The term ethical therefore incorporates the whole idea of not creating suffering unnecessarily to anybody, unless it can be avoided. No action in life can guarantee another won’t suffer, but when it comes to food production and consumption, we should not create any undue suffering to any other living thing if it can be avoided. This has not been in any way adhered to in the industrial meat industry. The extraordinary cruelty committed on a daily basis to billions of animals, just so we can eat them, is simply wrong. It should not be happening and by choosing not to eat any product that involves the undue suffering of another, a choice is being made.
Also, in the ongoing challenge for greater equality and greater opportunity in the world, and the basic rights of all people to have adequate access to food, indulging in wasteful food choices that perpetuate inequality and suffering also has significant ethical implications. In an ever-increasing interconnected global world, food issues are profoundly significant and simply observing the manipulation of prices of essential goods by multinational corporations and a market manipulated pricing system has revealed once again the callous, brutal nature of global politics of the ‘free market’ system and its economic manipulation.
The obsession in some circles of an ‘industrial’ fix to food challenges, with the ongoing dependency on fertilizers and the GMO movement that has promised miracles and the saving of the world through genetic engineering is another fallacy waiting to burst once again. For many years, most US administrations have been myopically focused on a ‘scientific’ revolution to answer the challenges to our food issues, GMO’s being a central part of this mantra, even when the rest of the world looks on from the safety of distance, when they can.
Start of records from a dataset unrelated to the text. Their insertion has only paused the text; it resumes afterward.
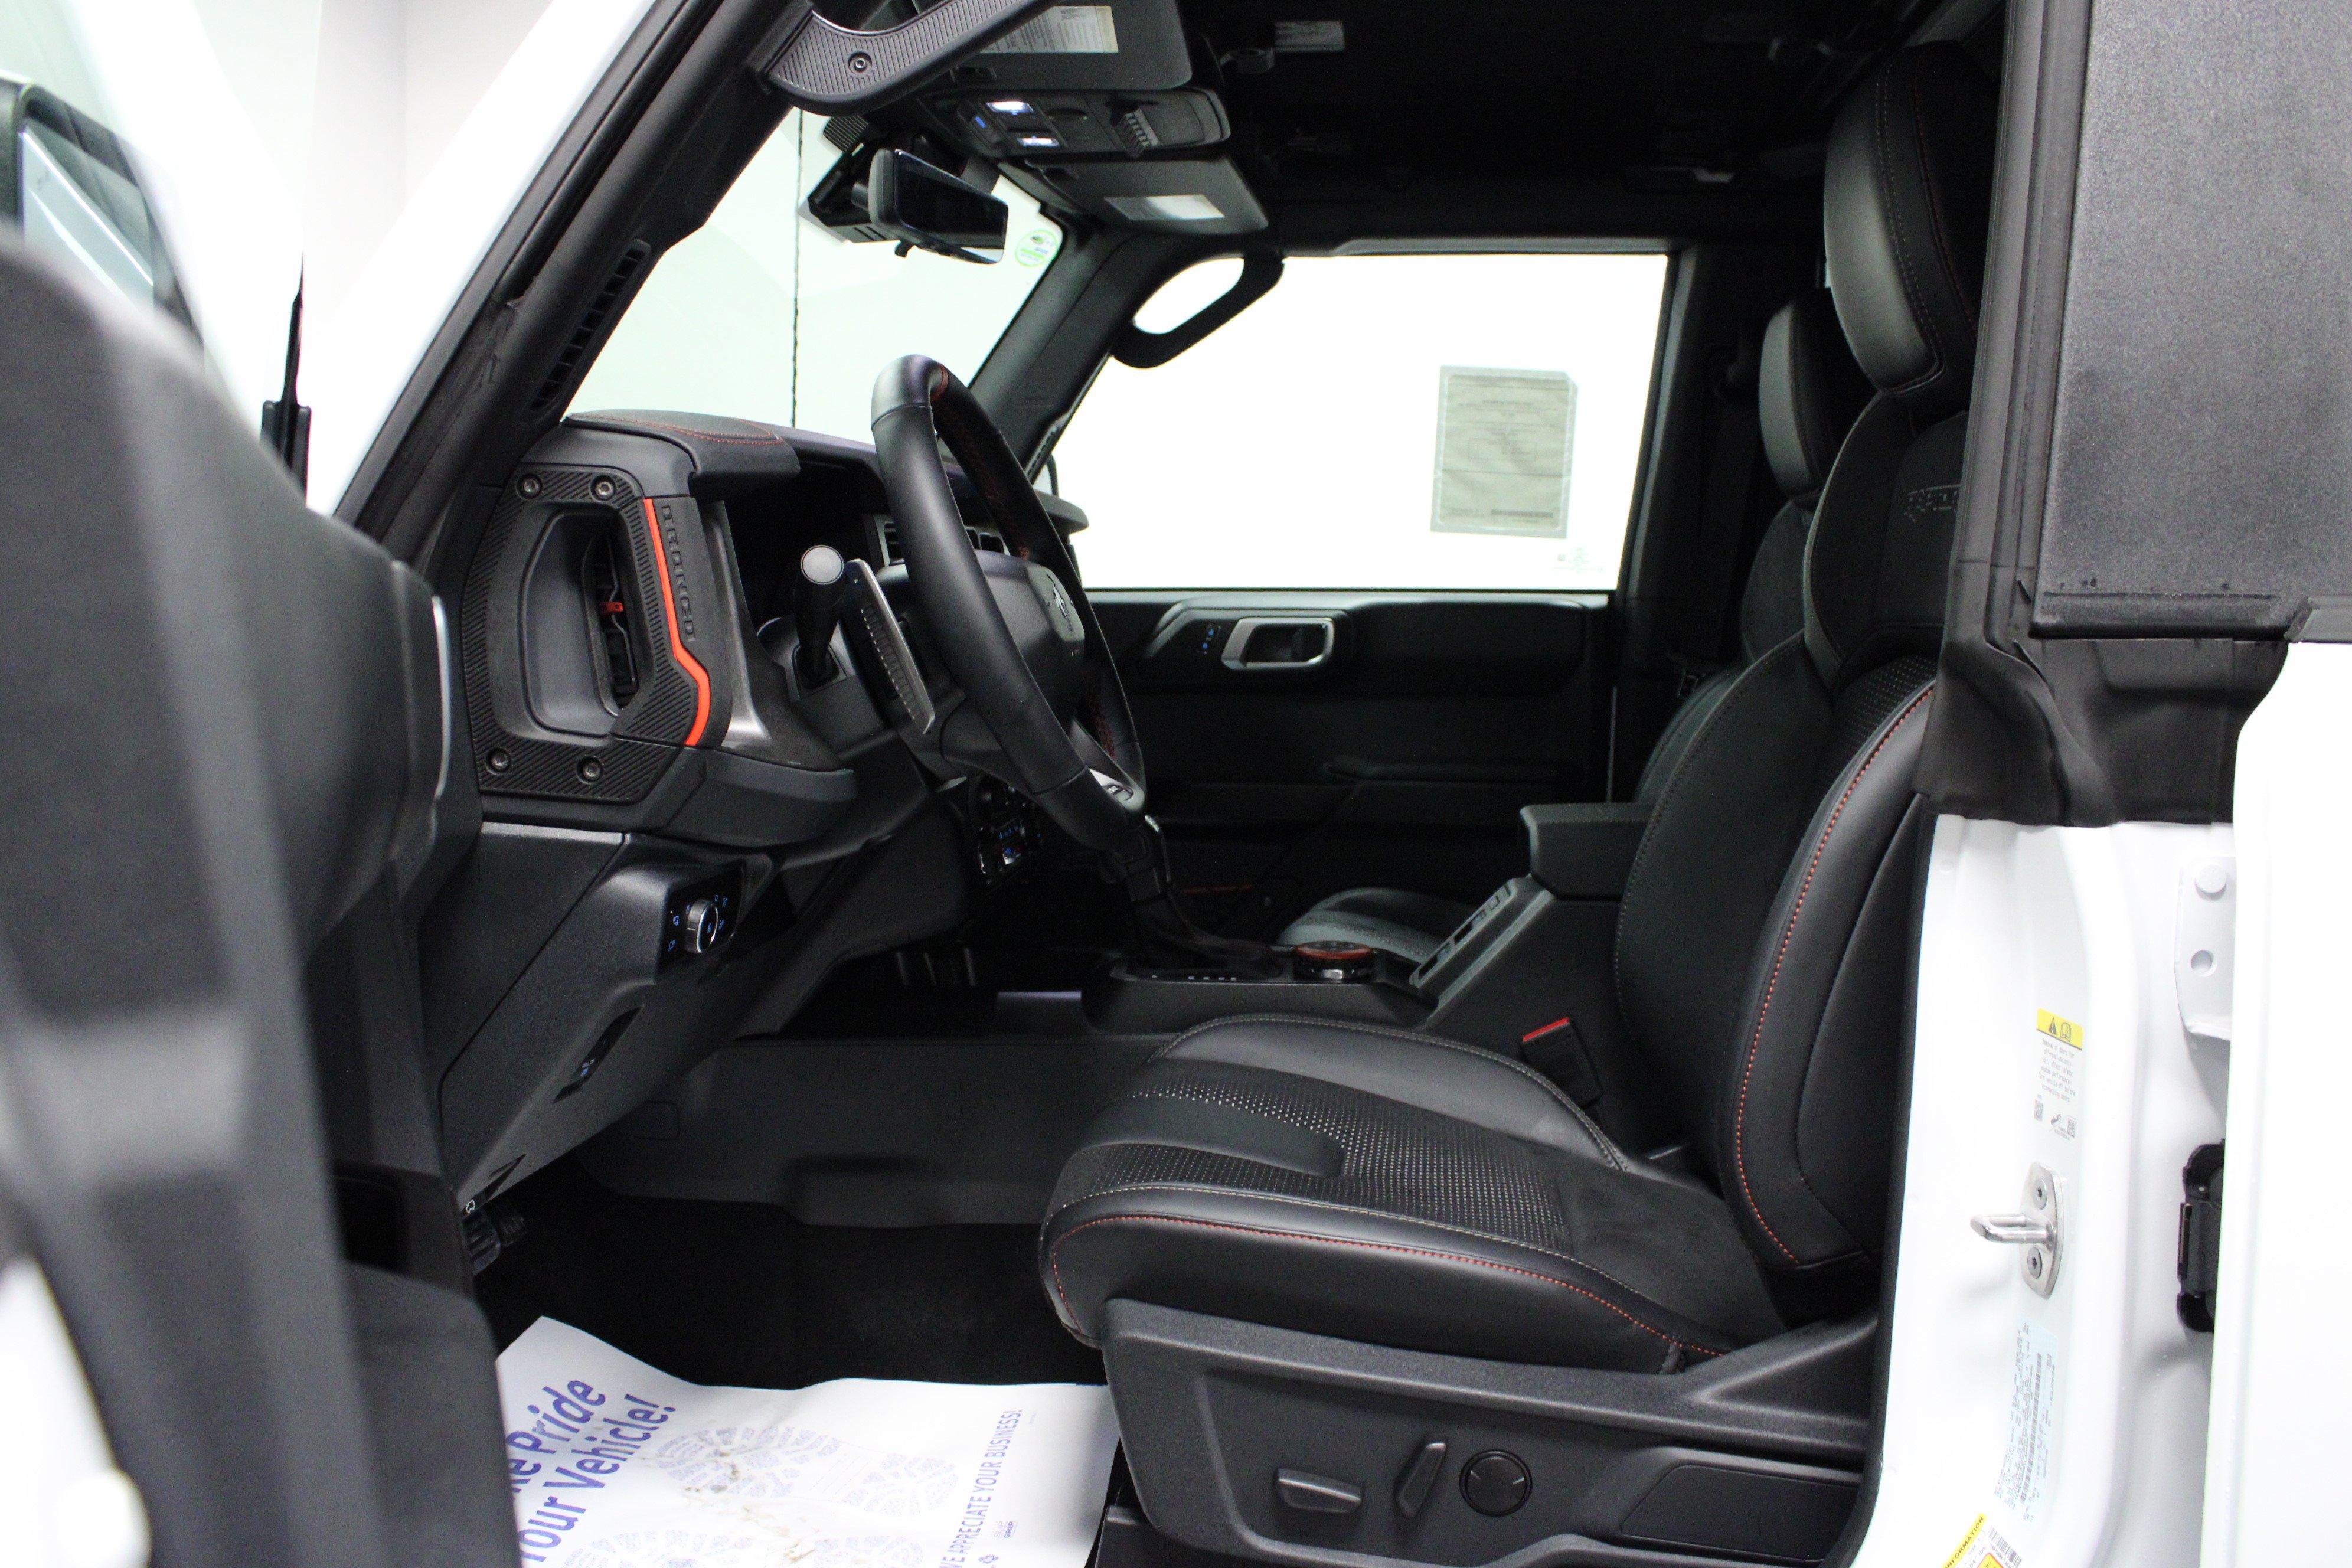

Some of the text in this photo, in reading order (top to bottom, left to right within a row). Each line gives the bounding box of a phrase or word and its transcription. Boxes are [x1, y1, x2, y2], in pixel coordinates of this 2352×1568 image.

[662, 506, 696, 641] BRONCO
[505, 1380, 606, 1455] Pride
[542, 1393, 676, 1488] Vehicle!
[984, 1409, 1023, 1458] BUSINESS!
[972, 1461, 1002, 1493] YOUR
[947, 1496, 992, 1554] APPRECIATE
[1004, 1520, 1014, 1538] GRIP
It is clear that the solution to so many challenges could be based on the philosophy of E.F. Schumacher, author of Small is Beautiful. This book, written over 40 years ago, laid the foundation for the concept of appropriate levels of technology, one that reflects human values and needs. Ivan Illitch spoke on similar grounds in his book Tools for Conviviality, embracing the idea that ‘technology’ or tools as he called it, reflects true human needs and serves humanity, rather than the other way around.
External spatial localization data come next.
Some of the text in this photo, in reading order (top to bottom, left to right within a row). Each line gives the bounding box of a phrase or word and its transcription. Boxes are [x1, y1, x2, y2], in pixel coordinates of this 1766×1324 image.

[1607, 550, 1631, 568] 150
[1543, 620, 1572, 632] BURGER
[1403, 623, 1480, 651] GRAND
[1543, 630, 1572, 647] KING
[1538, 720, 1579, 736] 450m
This is why, when it comes to choosing what we eat, the food we put into our bodies should reflect these values as much as possible. It is never easy and without growing all one’s own food, compromises are always being made but at least one can try and given that those of us who live with the privilege of choice, by choosing a predominantly vegetarian diet, it is one way to minimize one’s personal footprint on the planet and do a small bit toward a more sustainable world for all.